A: It was obviously a much better than expected number although there were some peculiarities within those. But in general, taken very positively and so the metals have been pushing higher which, after I suppose quite a rout that we saw last week on the back of the collapse in the Chinese stock market. We are certainly seeing a little bit of short covering on the back of this stronger than expected data and overall, the macro environment has been slowly improving and despite these macro events, including Greece as well, the environment for consumption of metals has been trending a little bit higher. So, this is, I suppose, just a continuation of that and metals are seeing the benefit of that in price action today.
Nigel: What is your outlook on base metal prices in light of the fact that growth in China is indeed slowing - a medium to long-term outlook versus a short-term outlook.
A: In light of the growth projection that we have seen China go through over the past 12-18 month, it is clear that we are going to enter in a period of lower growth and we have certainly factored that into our numbers for a lot of the metals. But, metals, a few in particular, ones such as nickel and zinc, do benefit later in the life cycle of an economy like China and as such we still think that the intensity of use for those is quite positive over the next few years. And metals as well have certain supply-side constraints which a lot of the other commodity markets do not have. We did not see the build up in supply like we did in markets such as oil and iron ore over the course of the past few years and that has meant those markets are a little bit tighter. But obviously with lower growth coming from China, we do expect to see pricing remaining a little bit more subdued but we think in the metals market, they should start to recover in the second half of this year and we think gradually improve over the course of the next few years.

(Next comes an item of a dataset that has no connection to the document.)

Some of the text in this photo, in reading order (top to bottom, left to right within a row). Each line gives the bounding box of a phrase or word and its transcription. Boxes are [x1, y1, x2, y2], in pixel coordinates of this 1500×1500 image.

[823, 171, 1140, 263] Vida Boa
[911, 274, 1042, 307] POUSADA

Reema: What is the call on gold, it has been largely range bound. What is the outlook and the next trigger for it to it see upside?
A: It has been very much range bound, stuck around that USD 1,160-1,180/ounce. It's surprising considering the risk off trade that has been playing out as a result of the Chinese equity market collapse and the Greek debt crisis. I suppose it just highlights the lack of investor appetite for gold at the moment and they have been pushing towards US dollar in this environment. However, for the outlook though, it still looks relatively poor considering investor demand is weak - that's backing up on what is weak physical demand as well at the moment which points to further weakness ahead. If you then consider, I suppose the Fed and how it moves in terms of its interest rate policy over the next six months which we expect to those rate rises to start kicking in that will obviously further weigh on the price. We could certainly see gold back down close to USD 1,100/ounce over the next six months.
Nigel: We have Janet Yellen giving a congressional statement later today. What is your outlook on the commodities and the background of Yellen potentially raising interest rates maybe by even September?
A: I think the result of that is a stronger US dollar and that has ultimately been a significant headwind for commodities. So on the back of that it is going to be a difficult period for commodities but if you consider a positive macro backdrop particularly in Asia and China, I think that probably why those negatives, but it is going to be a slow growing; we are certainly not expecting to see a rebound in commodity prices that we have in previous cycles but we do expect to remain cyclical and that means slightly better prices but ultimately H1 is going to be driven more at its own supply and demand fundamentals. So this is going to be a lot more divergent seen in the past. So markets which are oversupplied such as oil and iron ore probably won't recover as quickly as we suspect we will see in markets like the base metals.